→ **What you need to do**:
A word-for-word copy of the records that follow is needed, with every picture omitted.

→ **Dataset extract**:
BEGIN

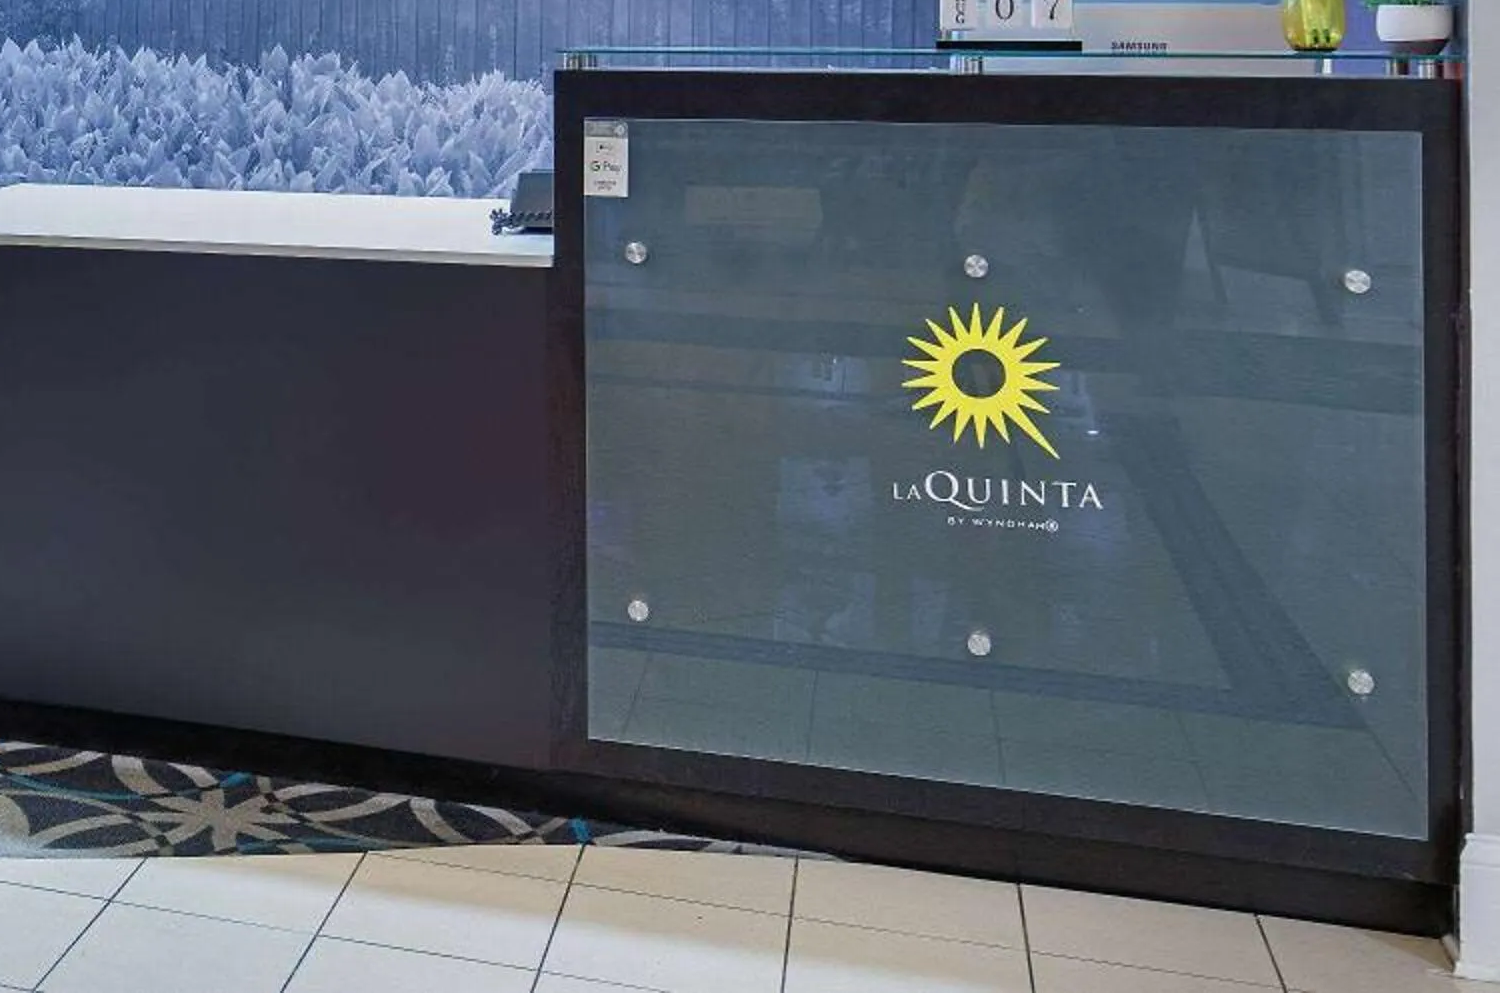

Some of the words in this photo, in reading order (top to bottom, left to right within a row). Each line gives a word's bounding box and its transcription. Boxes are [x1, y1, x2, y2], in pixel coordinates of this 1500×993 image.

[1110, 41, 1168, 50] SAMSUNG
[892, 482, 921, 501] LA
[924, 470, 1104, 512] QUINTA
[946, 516, 965, 526] BY
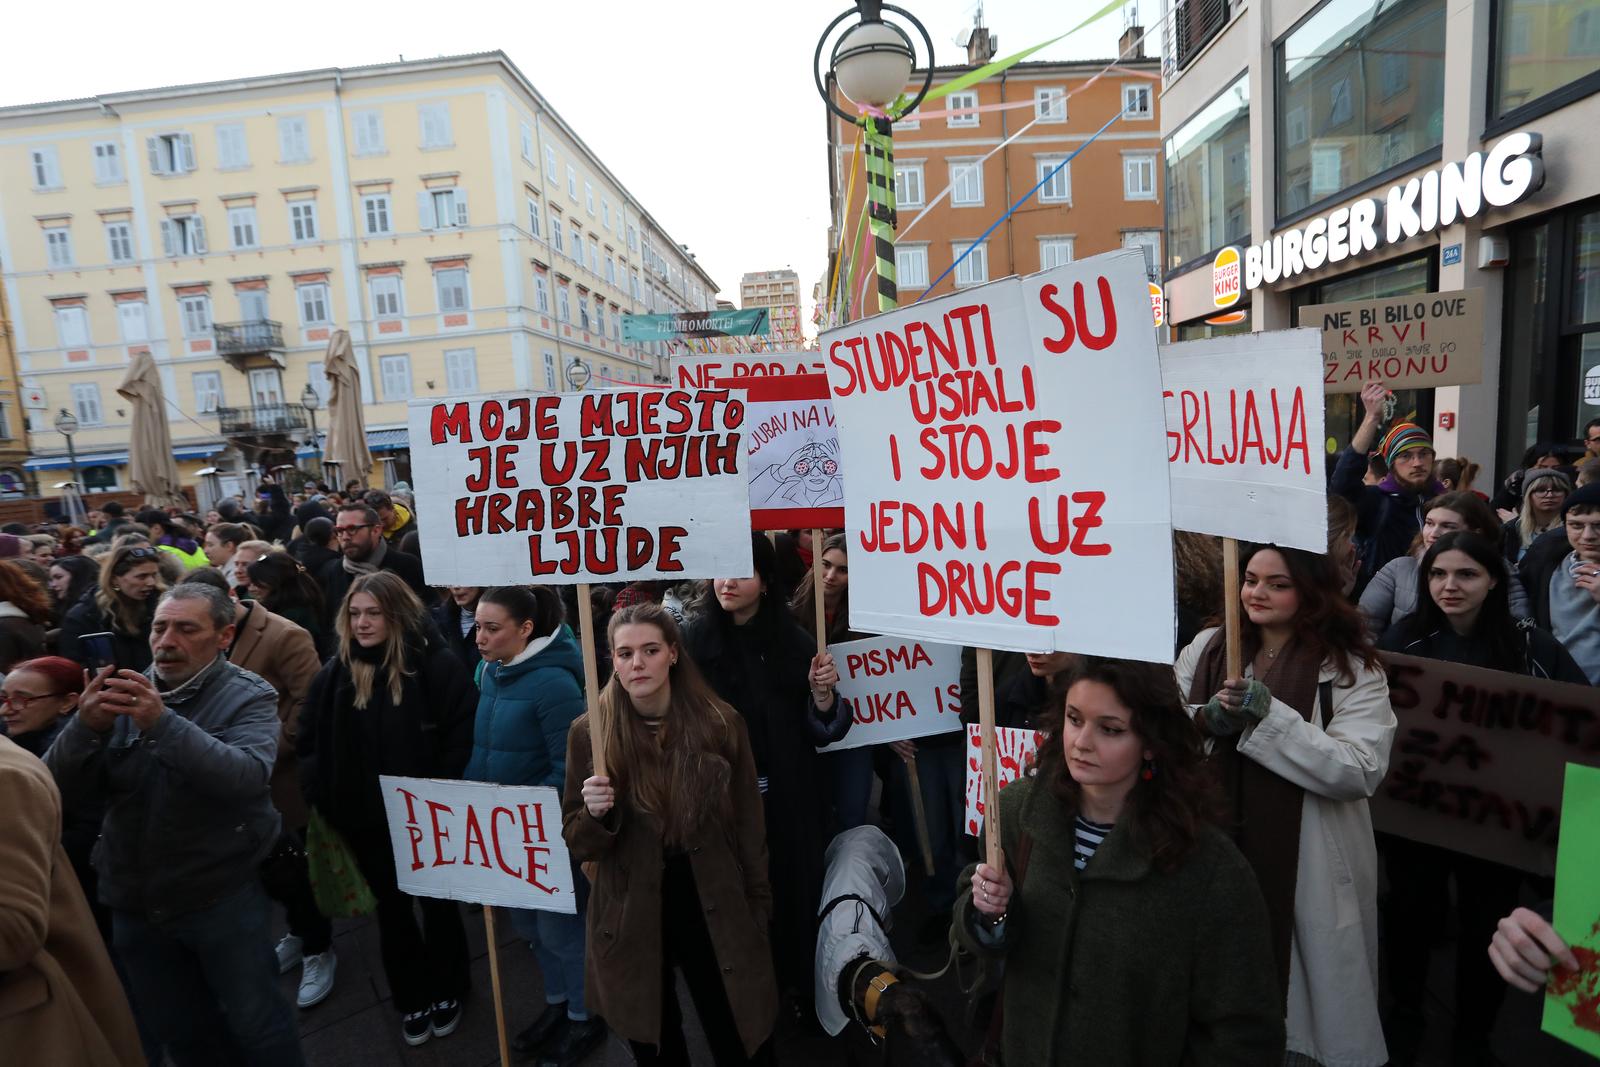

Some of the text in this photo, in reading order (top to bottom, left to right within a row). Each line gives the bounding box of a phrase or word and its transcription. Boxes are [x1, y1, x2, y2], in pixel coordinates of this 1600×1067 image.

[1245, 132, 1533, 290] BURGER KING
[1214, 264, 1239, 280] BURGER
[1214, 276, 1239, 296] KING
[657, 320, 687, 333] FIUME
[829, 276, 1118, 397] STUDENTI SU
[1323, 298, 1466, 331] NE BI BILO OVE
[1343, 321, 1425, 347] KRVI
[909, 365, 1036, 424] USTALI
[1324, 354, 1448, 384] ZAKONU
[430, 389, 744, 445] MOJE MJESTO
[792, 405, 820, 431] NA
[465, 433, 741, 492] JE UZ NJIH
[889, 420, 1062, 483] I STOJE
[455, 485, 628, 537] HRABRE
[859, 500, 987, 553] JEDNI
[528, 526, 688, 576] LJUDE
[916, 558, 1062, 627] DRUGE
[846, 643, 934, 679] PISMA

END

→ **Solved exercise**:
Some of the words in this photo, in reading order (top to bottom, left to right within a row). Each line gives a word's bounding box and its transcription. Boxes are [x1, y1, x2, y2], in pixel coordinates of this 1500×993 image.

[1110, 41, 1168, 50] SAMSUNG
[892, 482, 921, 501] LA
[924, 470, 1104, 512] QUINTA
[946, 516, 965, 526] BY

Some of the text in this photo, in reading order (top to bottom, left to right within a row). Each line gives the bounding box of a phrase or word and its transcription. Boxes are [x1, y1, x2, y2], in pixel coordinates of this 1600×1067 image.

[1245, 132, 1533, 290] BURGER KING
[1214, 264, 1239, 280] BURGER
[1214, 276, 1239, 296] KING
[657, 320, 687, 333] FIUME
[829, 276, 1118, 397] STUDENTI SU
[1323, 298, 1466, 331] NE BI BILO OVE
[1343, 321, 1425, 347] KRVI
[909, 365, 1036, 424] USTALI
[1324, 354, 1448, 384] ZAKONU
[430, 389, 744, 445] MOJE MJESTO
[792, 405, 820, 431] NA
[465, 433, 741, 492] JE UZ NJIH
[889, 420, 1062, 483] I STOJE
[455, 485, 628, 537] HRABRE
[859, 500, 987, 553] JEDNI
[528, 526, 688, 576] LJUDE
[916, 558, 1062, 627] DRUGE
[846, 643, 934, 679] PISMA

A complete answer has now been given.